§ TASK DIRECTIONS
Word for word, please restate each record and pass over the pictures.

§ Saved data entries
=== Section Start ===
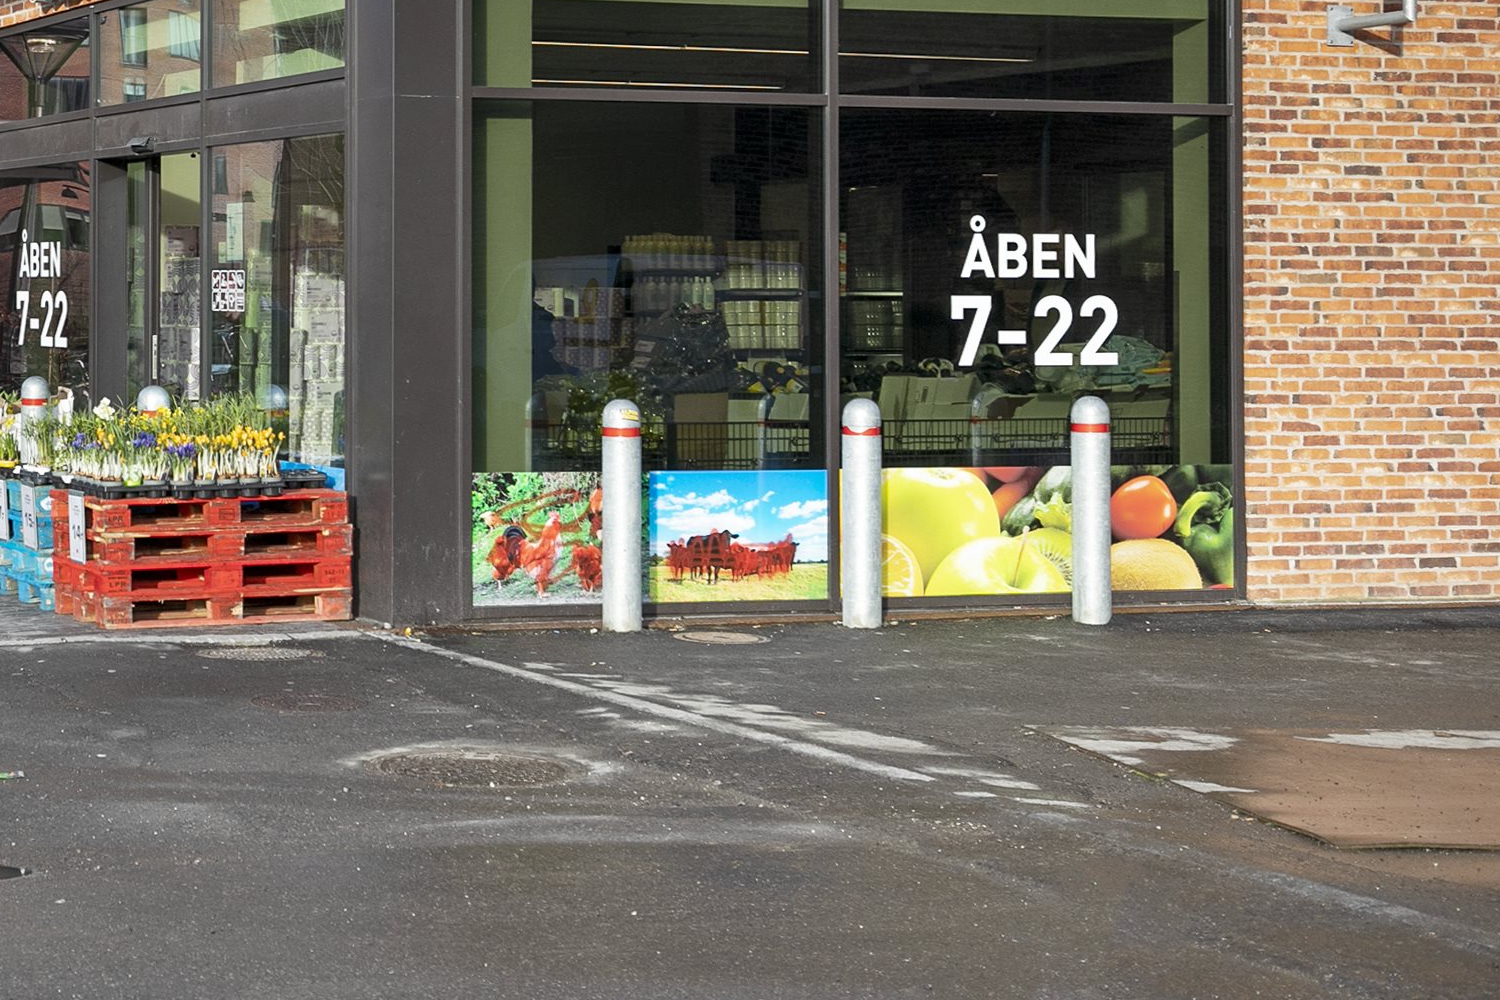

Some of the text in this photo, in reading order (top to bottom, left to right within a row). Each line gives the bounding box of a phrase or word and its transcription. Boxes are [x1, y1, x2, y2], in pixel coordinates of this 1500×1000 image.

[19, 228, 61, 278] ÅBEN
[960, 214, 1096, 279] ÅBEN
[15, 290, 68, 348] 7-22
[950, 294, 1119, 367] 7-22
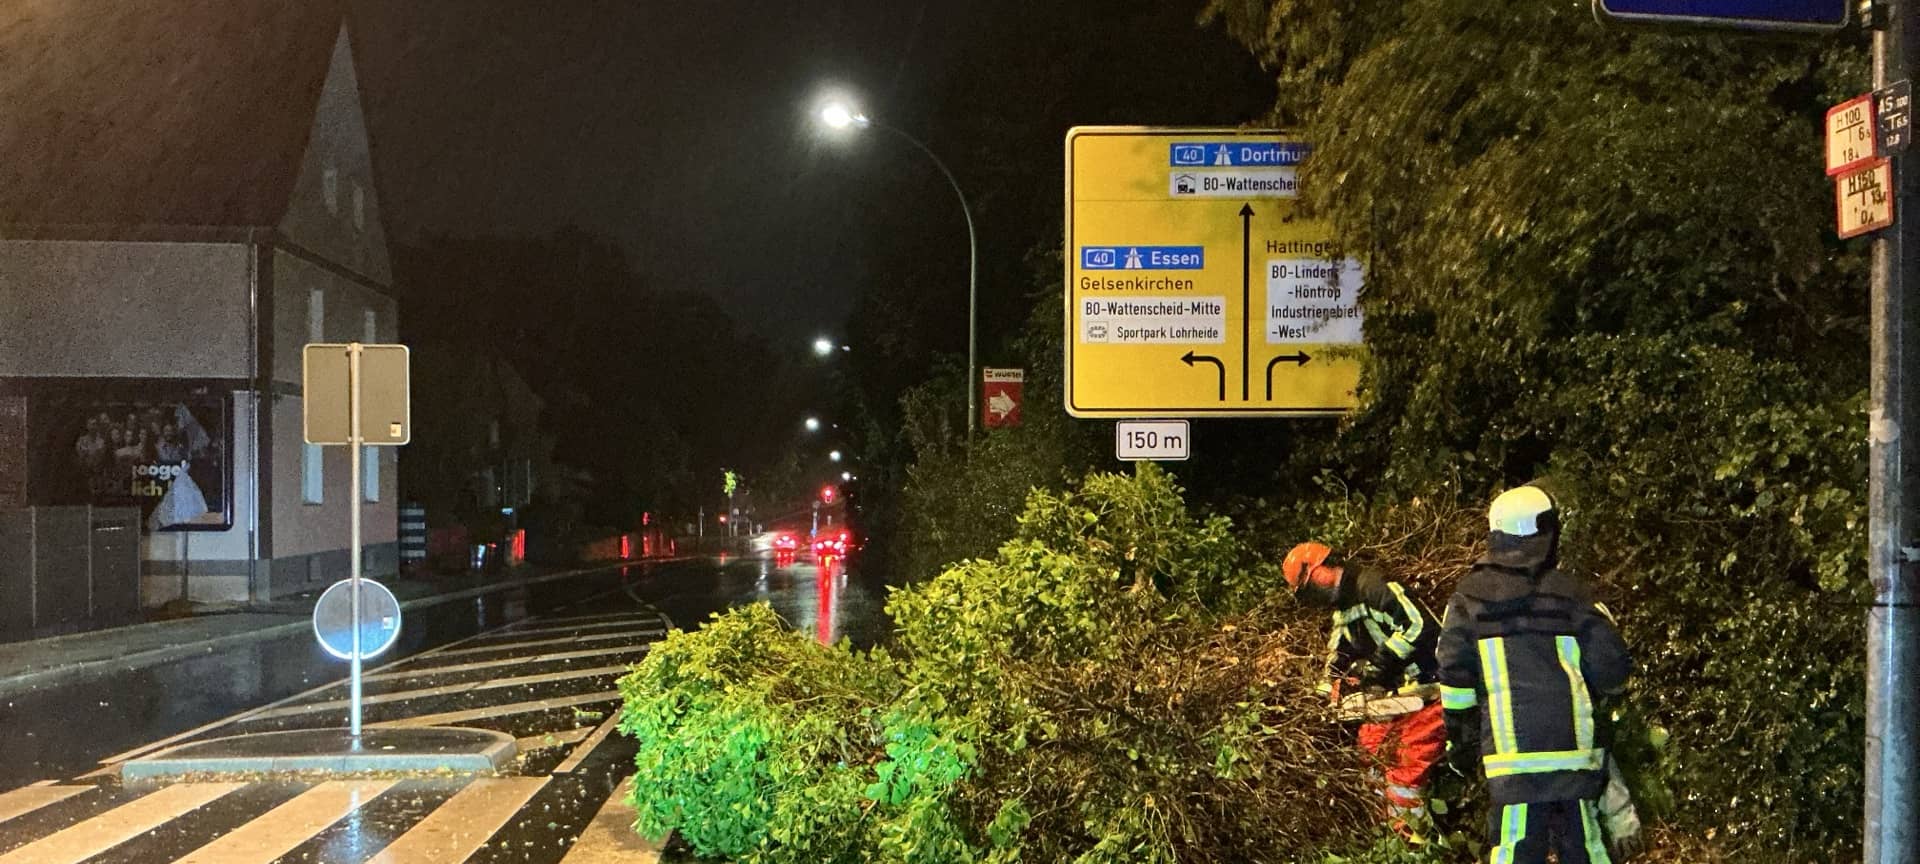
=== Section End ===
§ FINAL ANSWER
Some of the text in this photo, in reading order (top to bottom, left to right within a row). Each line gives the bounding box of a phrase or word and its transcription. Boxes are [x1, y1, x2, y2], in pixel coordinates of this 1500×1000 image.

[19, 228, 61, 278] ÅBEN
[960, 214, 1096, 279] ÅBEN
[15, 290, 68, 348] 7-22
[950, 294, 1119, 367] 7-22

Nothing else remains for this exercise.